The love triangle isn’t the only drama in this traveling circus – he’s also got Harry to content with – a sketchy concessionaire who’s running some shady business under the circus’s tent for a slimy gangster named Mr. Henderson. And then there’s Buttons (James Stewart), a clown and circus fave who may have a hidden past that has yet to be uncovered…
The film is currently streaming on Netflix and along with that: full, bright, sparkly color! On this film quest, I’ll take color whenever I can snort it. I’ve got mad props for the classic black and white presentation – I’d never argue that every pre-60’s movie should be colorized, but throughout this journey, I find a restored, colorized edition here and there really breaks up the monotony of the bleak grays.
Directed by Cecil B. DeMille, some feel The Greatest Show on Earth wasn’t worthy of the Best Pic win. In fact, some deem the award was given to simply celebrate the man’s entire body of work – which largely began before the Academy was even created, way back in the silent film days. Maybe so, maybe no. Awards are often given for this reason, but hey – count it.

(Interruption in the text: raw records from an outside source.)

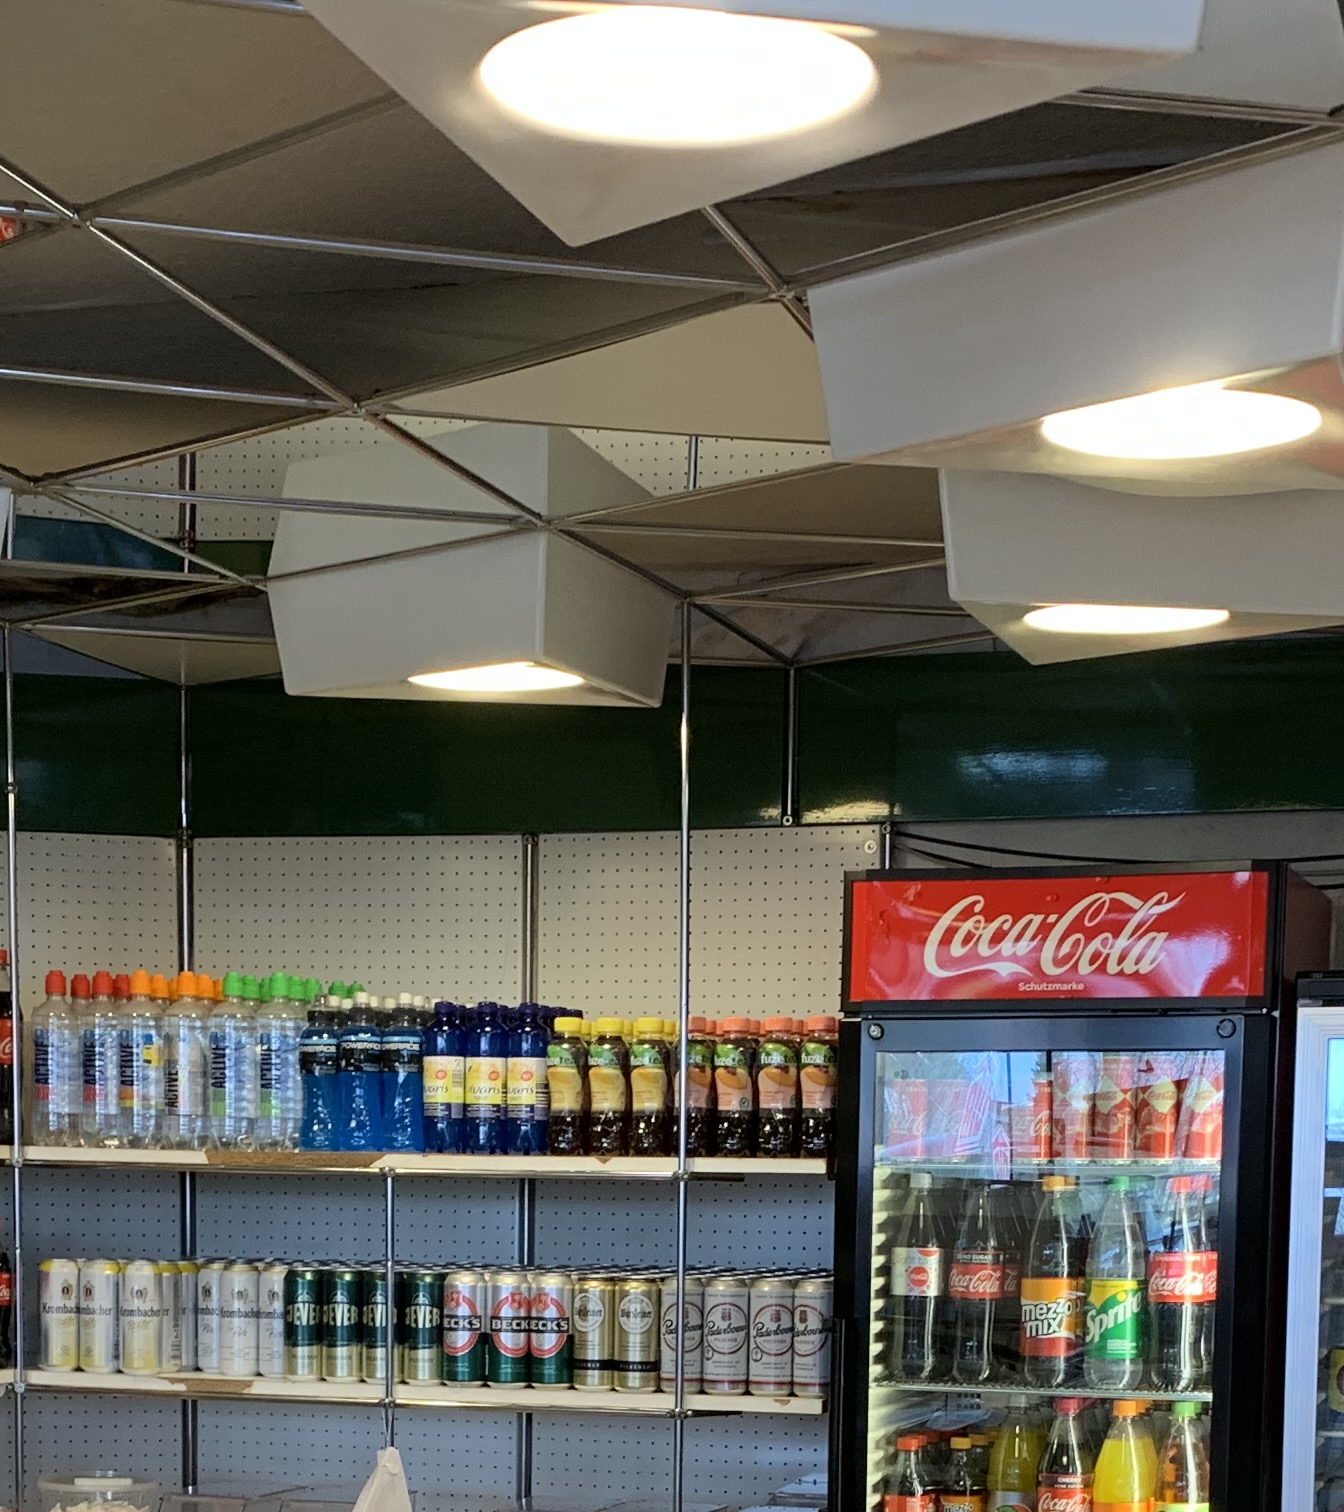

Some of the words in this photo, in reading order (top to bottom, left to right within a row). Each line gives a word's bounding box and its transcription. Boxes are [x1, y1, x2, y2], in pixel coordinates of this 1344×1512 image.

[923, 889, 1187, 978] Coca-Cola
[1018, 981, 1086, 993] Schutzmarke
[1085, 1290, 1143, 1343] Sprite
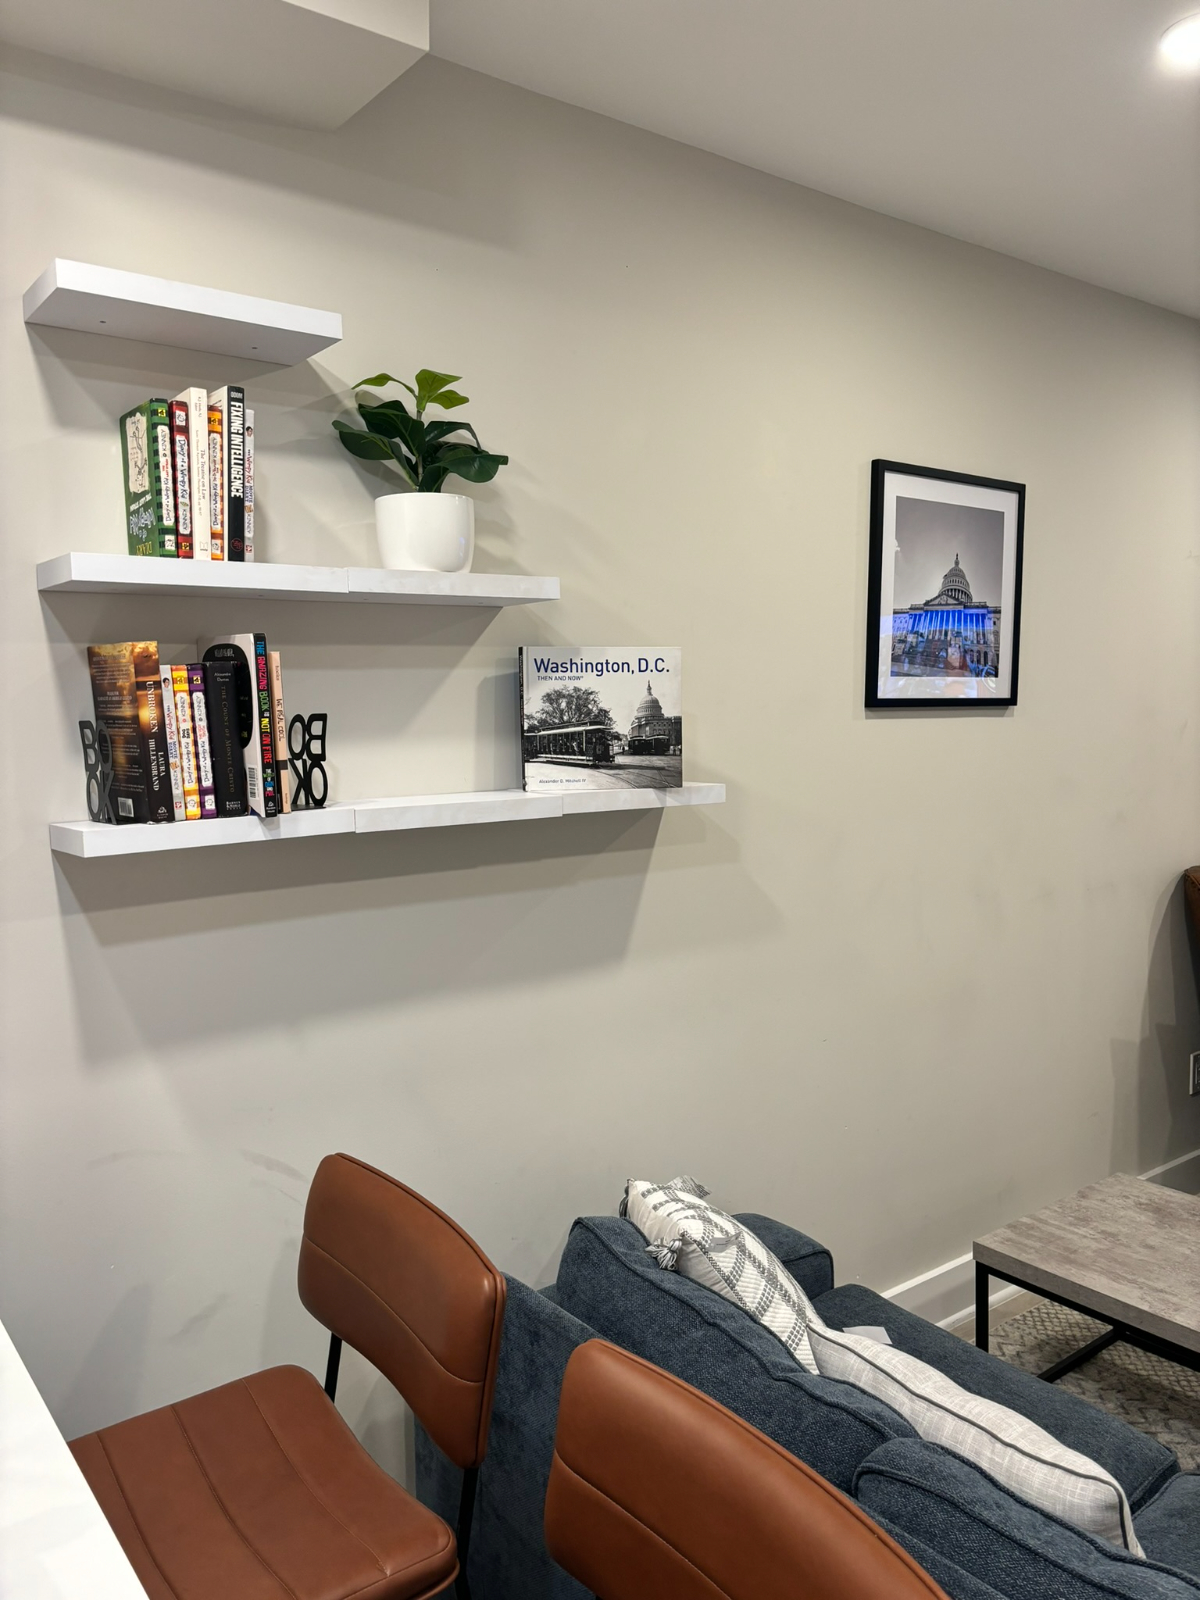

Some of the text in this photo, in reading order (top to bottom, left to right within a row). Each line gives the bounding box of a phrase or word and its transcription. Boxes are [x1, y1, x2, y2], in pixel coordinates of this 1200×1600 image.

[178, 439, 186, 457] Diary
[231, 401, 244, 499] FIXING INTELLIGENCE
[256, 641, 266, 655] THE
[257, 656, 268, 690] AMAZING
[534, 658, 670, 677] Washington, D.C.
[146, 681, 159, 733] UNBROKEN
[259, 691, 270, 711] BOOK
[276, 698, 283, 708] WE
[261, 718, 270, 732] NOT
[168, 730, 176, 741] Kid
[262, 733, 271, 744] ON
[158, 752, 166, 776] LAURA
[263, 746, 273, 764] FIRE
[149, 739, 160, 791] HILLENBRAND

I enjoyed the film for its diverse characters and interpersonal relationships, moving performances by Heston, Hutton and Stewart, and also for the change in scenery. This film quest has been inundated with family dramas set in homes and churches, battles on war fields, and communes in Africa (Still. Can’t. Get over. Africa.). The circus setting (aided by the participation of Ringling Bros. and Barnum & Bailey) led for some great B-footage. Whenever the pacing of the story was at a lull, this movie was all LOOK AT THE ELEPHANTS! CHECK OUT THESE TRAPEZE ARTISTS! LOOK AT THE FUNKY COSTUMES! It’s sort of the 50’s version of a movie for today’s ADHD riddled viewer. I dug it, and just may have ADHD. Who knows.
Probable animal ethics aside, The Greatest Show on Earth was The Greatest Movie on Earth…if just for one year.